Apakah puteri orang Karo ataupun si pemuda yang orang Karo kawin dengan orang
luar Karo. Hal itu tentu baik dalam rangka menggalang rasa persatuan antar suku
di Indonesia. Merga yang diberikan kepada orang luar suku Karo menurut adat,
karena perkawinannya dengan seorang puteri Karo adalah Merga yang
seharusnya/sepatutnya mengawini puteri tadi, menurut pola kekerabatan dan
peradatan adalah iparnya begitu juga sebaliknya.
Serayan
Serayan
dalam masyarakat Karo merupakan satu wadah persatuan muda-mudi pada setiap desa,
dimanifestasikan dengan kegotong-royongan dalam kegiatan masyarakat Karo.
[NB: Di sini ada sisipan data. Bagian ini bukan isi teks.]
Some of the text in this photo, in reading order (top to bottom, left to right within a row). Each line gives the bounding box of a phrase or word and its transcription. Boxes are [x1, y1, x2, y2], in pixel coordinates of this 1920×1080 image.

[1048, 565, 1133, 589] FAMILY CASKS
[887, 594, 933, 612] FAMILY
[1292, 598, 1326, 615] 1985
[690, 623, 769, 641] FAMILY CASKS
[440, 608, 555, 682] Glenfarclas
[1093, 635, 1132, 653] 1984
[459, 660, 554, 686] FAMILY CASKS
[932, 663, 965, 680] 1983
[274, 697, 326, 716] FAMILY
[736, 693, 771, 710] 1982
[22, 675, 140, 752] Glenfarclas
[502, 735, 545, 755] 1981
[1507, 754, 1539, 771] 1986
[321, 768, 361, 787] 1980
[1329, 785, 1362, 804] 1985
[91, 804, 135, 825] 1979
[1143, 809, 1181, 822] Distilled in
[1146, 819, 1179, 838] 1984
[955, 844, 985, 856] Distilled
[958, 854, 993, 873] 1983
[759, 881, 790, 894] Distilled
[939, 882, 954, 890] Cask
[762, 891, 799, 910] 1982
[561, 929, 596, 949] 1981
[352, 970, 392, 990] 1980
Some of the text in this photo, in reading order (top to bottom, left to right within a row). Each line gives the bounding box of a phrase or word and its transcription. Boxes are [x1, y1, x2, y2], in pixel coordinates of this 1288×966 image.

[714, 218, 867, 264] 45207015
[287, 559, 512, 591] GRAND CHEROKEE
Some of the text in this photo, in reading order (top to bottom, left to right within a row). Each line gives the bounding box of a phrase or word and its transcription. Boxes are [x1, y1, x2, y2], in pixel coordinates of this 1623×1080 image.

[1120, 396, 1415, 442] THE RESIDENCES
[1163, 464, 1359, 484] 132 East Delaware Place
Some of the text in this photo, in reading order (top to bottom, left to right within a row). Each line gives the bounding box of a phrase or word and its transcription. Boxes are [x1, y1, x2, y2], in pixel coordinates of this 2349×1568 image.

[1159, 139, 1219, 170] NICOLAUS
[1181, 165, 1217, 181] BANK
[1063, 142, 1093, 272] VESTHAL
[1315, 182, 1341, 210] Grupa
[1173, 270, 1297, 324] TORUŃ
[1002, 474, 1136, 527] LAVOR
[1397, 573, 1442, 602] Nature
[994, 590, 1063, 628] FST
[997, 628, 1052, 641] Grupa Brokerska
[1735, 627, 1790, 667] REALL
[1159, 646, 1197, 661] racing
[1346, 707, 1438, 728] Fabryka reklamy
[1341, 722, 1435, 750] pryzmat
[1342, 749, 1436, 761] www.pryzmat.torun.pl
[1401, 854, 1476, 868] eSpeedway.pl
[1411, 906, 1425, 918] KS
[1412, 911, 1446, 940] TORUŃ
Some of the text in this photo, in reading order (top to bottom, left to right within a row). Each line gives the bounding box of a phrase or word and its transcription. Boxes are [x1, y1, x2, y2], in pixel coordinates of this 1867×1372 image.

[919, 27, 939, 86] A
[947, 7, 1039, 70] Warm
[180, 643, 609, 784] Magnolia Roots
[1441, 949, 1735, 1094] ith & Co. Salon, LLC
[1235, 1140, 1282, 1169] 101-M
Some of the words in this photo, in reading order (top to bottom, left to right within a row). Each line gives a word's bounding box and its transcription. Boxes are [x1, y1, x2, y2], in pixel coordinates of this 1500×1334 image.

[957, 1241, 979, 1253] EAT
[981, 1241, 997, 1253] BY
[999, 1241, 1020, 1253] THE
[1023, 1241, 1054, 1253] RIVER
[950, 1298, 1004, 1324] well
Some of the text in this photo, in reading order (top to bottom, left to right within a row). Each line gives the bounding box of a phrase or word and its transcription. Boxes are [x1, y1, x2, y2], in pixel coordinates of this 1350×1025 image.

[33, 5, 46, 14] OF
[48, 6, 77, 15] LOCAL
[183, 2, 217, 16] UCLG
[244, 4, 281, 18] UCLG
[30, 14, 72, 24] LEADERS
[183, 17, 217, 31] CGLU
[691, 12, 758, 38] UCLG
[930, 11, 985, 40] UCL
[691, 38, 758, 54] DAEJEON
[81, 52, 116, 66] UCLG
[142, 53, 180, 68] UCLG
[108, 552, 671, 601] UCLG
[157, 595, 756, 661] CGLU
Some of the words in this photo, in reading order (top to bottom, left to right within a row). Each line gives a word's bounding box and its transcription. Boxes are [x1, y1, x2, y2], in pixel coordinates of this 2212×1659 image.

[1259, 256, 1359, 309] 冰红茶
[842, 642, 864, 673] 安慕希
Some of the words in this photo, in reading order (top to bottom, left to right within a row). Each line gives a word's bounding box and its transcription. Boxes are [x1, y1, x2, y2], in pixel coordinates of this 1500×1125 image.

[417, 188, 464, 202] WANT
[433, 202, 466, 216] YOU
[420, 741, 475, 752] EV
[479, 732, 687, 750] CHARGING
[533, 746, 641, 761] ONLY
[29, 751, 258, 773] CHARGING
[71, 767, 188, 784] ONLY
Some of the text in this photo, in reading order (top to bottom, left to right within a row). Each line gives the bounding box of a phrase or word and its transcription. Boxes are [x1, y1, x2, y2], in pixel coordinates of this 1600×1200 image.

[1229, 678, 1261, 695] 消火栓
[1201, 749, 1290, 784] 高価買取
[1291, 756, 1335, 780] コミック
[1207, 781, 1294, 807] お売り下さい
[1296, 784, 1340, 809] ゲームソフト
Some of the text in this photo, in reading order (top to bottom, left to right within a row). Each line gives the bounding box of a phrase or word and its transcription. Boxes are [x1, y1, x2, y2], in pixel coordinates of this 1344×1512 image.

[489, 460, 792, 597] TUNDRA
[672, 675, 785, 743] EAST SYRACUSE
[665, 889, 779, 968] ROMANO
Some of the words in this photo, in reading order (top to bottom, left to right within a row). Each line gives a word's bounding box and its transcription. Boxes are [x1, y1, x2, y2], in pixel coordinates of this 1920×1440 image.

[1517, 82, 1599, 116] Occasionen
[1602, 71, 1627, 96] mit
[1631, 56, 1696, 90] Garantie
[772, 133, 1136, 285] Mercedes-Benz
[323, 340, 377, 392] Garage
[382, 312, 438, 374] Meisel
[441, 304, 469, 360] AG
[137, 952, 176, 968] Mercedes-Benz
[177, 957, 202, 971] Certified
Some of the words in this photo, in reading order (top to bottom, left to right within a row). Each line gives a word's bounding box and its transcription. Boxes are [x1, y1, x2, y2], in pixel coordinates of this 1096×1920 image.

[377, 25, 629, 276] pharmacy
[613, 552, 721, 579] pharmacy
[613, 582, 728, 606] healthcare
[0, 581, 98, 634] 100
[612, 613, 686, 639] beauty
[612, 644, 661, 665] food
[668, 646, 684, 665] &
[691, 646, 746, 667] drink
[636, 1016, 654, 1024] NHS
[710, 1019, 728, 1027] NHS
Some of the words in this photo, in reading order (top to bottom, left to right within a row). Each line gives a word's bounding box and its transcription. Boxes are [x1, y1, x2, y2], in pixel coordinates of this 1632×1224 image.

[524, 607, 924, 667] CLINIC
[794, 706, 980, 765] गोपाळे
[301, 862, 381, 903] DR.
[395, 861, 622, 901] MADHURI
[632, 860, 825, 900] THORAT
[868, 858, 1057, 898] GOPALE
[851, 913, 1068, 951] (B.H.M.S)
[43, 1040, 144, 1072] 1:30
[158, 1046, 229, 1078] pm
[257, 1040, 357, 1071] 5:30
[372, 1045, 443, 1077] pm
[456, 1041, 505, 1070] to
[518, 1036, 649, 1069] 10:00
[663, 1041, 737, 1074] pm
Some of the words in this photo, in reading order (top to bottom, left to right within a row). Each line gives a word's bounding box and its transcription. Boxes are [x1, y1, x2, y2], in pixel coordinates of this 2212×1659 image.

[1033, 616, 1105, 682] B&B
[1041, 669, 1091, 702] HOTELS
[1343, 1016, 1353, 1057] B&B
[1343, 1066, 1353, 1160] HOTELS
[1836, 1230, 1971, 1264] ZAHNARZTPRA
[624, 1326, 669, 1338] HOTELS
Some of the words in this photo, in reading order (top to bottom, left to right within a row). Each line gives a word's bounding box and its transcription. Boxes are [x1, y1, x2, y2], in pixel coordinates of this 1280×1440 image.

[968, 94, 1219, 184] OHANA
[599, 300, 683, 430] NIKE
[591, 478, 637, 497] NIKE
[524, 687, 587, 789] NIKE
Memang sudah kebiasaan bagi muda-mudi suku Karo untuk berpartisipasi dan merasa
terpanggil membantu pelaksanaan suatu pekerjaan , misalnya menarik kayu dari
hutan untuk mendirikan Rumah Adat (zaman dulu). Mengirik padi di sawah/ladang
sekaligus membawa ke rumah, aktif dalam mensukseskan suatu upacara adat dan
lain sebagainya.
Dengan
kata lain, mereka yang tergabung dalam Serayan ikut bertanggung jawab dalam
mensukseskan suatu pesta adat di masyarakat Karo. Mereka membantu secara aktif
(sebagai Anak Beru) selama berlangsungnya pesta atau upacara menurut adat atau pekerjaan
lain di suatu kampung.
Hak-hak Serayan
Walaupun
tidak ada upah serayan kepada mereka yang memberikan tenaga secara bergotong
royong dalam suatu upacara menurut adat atau pekerjaan lain, namun sudah
menjadi kelaziman bagi pihak yang punya acara memberikan sebagian daging yang
dipotong kepada Serayan sebagai lauk pauk. Daging mentah tersebut mereka
sendiri yang memasaksa di sebuah rumah atau halaman menurut apa yang mereka
kehendaki, dimana mereka akan makan bersama-sama. Demikian juga apabila ada acara
membuat cimpa (kue khas Karo), maka
Serayan juga akan memperoleh bagian sebagai ungkapan terima kasih dari pemilik
acara.
Dalam
acara adat, baik itu yang bersifat kegembiraan atau kemalangan yang diirindi
oleh gendang adat, maka Serayan juga
memperoleh kesempatan menari setelah acara adat selesai. Bahkan ada juga yang
memberikan hadiah kepada Serayan berupa acara menari selama satu malam. Dalam
menari muda-mudi secara berpasangan (pasangan tidak tabu menurut adat) silih
berganti menari dengan diiringi lagu yang dipesan. Bagi muda-mudi, gendang
Serayan (selain dalam pesta Guro-Guro
Aron) merupakan momen untuk menunjukkan kebolehannya dalah hal berbusana,
menari, atau menjalin hubungan dengan lawan jenisnya.
Jadi
Serayan merupakan tempat belajar bagi muda-mudi untuk mengenal tugas, tanggung
jawab, kebersamaan bergotong royong dalam suatu kegiatan peradatan masyarakat
Karo. Serayan sebagai salah satu warisan leluhur sampai saat ini masih
dilaksanakan kaum muda-mudi Karo dan dijadikan sebagai sarana praktikum
ditengah masyarakat disamping mereka mengikuti pelajaran di sekolah formal.